NOODLE KIDOODLE, INC.
6801 Jericho Turnpike
Syosset, NY  11791

Ladies and Gentlemen:

We refer to the Financing Agreement between you and us dated June 27, 1997, as
supplemented and amended (the "Financing Agreement"). Capitalized terms used
and not otherwise defined herein shall have the same meanings given them in
the Financing Agreement.

This letter is to confirm that pursuant to mutual consent and understanding,
effective upon fulfillment to our satisfaction of the Conditions Precedent
(as defined below), the Financing Agreement shall be amended as follows:

1. 	The definitions of "Anniversary Date", "Early Termination Fee", "Inventory
Advance Percentage", "Letter of Credit Sub-Line" and "Line of Credit" set
forth in Section 1 of the Financing Agreement shall be deleted in their
entirety and replaced by the following:

"Anniversary Date shall mean May 17, 2003 and the same date in every year
thereafter.

Early Termination Fee shall:  (i) mean the fee CITBC is entitled to charge
the Company in the event the Company terminates the Line of Credit or this
Financing Agreement on a date prior to an Anniversary Date; and (ii) be equal
to (x) one percent (1%) of the Line of Credit if the Early Termination Date
occurs prior to May 17, 2001, (y) one-half of one percent (.50%) if the Early
Termination Date occurs on or after May 17, 2001 put prior to May 17, 2002
and (z) zero percent (0%) if the Early Termination Date occurs on or after
May 17, 2002. Notwithstanding any provision to the contrary contained herein,
in the event that this Financing Agreement is terminated in conjunction with
the merger of the Company with Zainy Brainy and CITBC is offered and elects,
in its sole discretion, to participate in the financing arrangement with the
merger entity, no such Early Termination Fee shall be due or payable hereunder.
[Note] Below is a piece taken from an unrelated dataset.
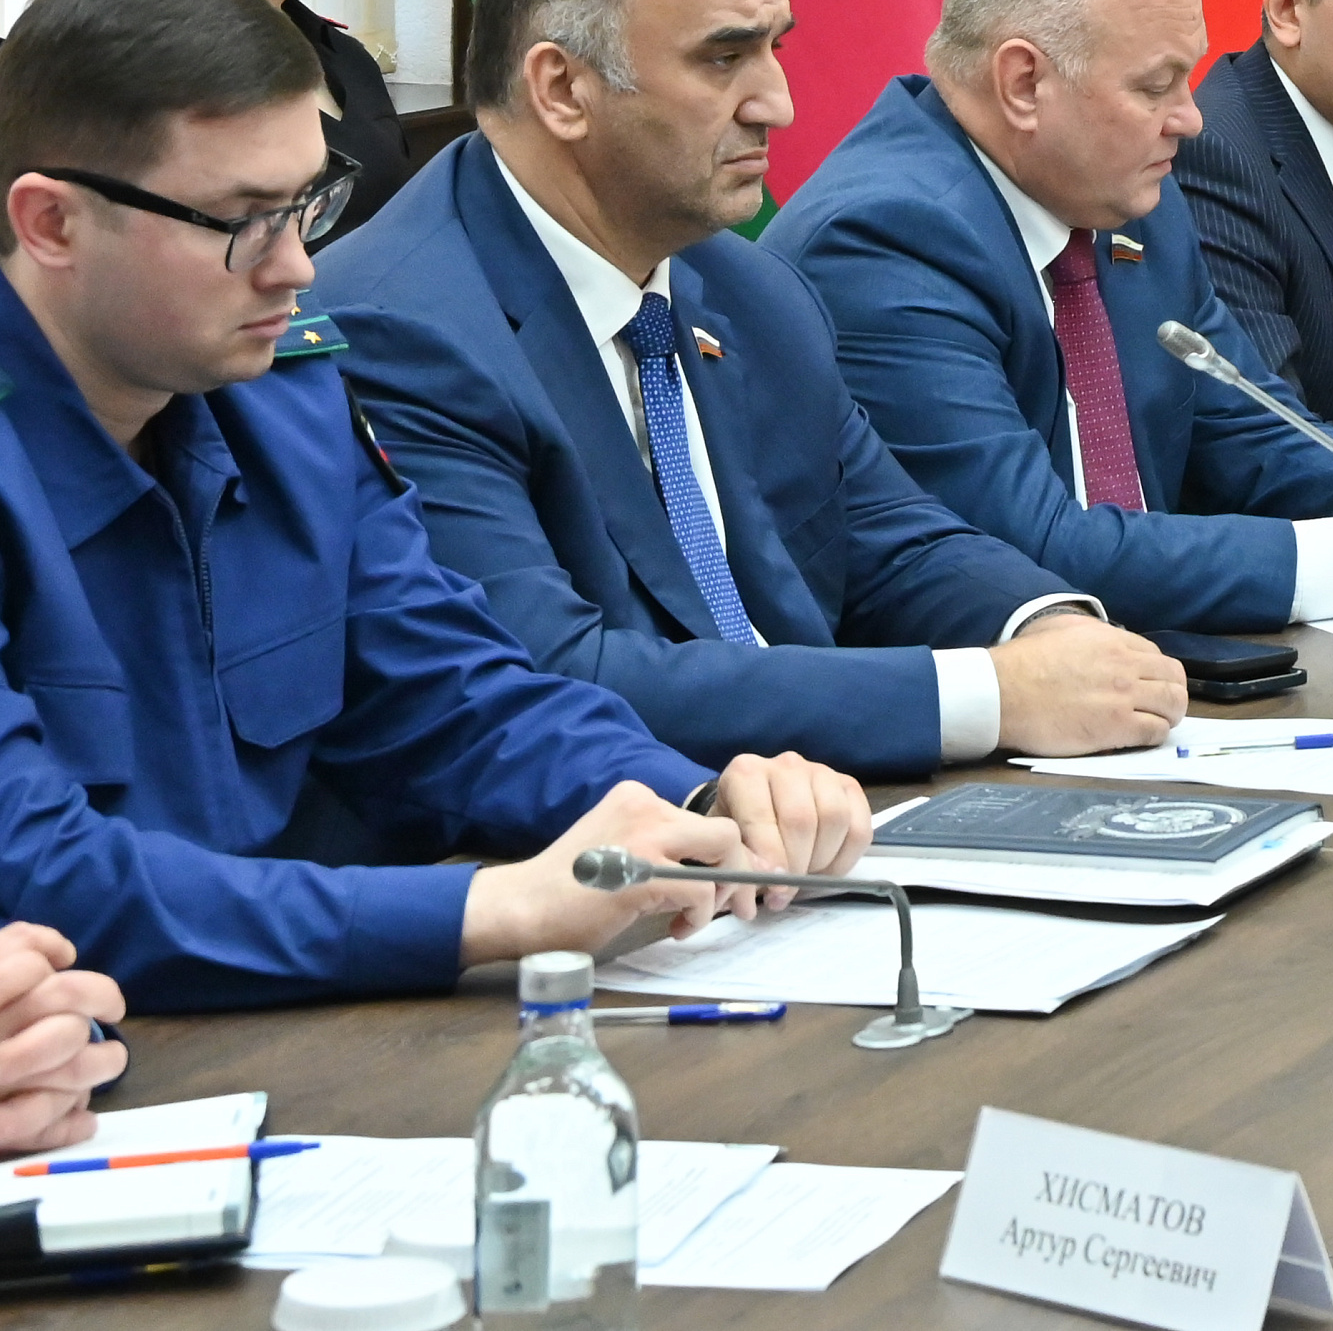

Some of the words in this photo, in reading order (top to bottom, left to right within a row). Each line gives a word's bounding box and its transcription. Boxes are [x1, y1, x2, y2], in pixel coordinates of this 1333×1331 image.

                                   1
<PAGE>
Inventory Advance Percentage shall mean (i) sixty-five percent (65%) during
the period from January 1 through and including July 31 of each year and (ii)
seventy-five percent (75%) during the period from August 1 through and
including December 31 of each year.

Letter of Credit Sub-Line shall mean $15,000,000 in the aggregate.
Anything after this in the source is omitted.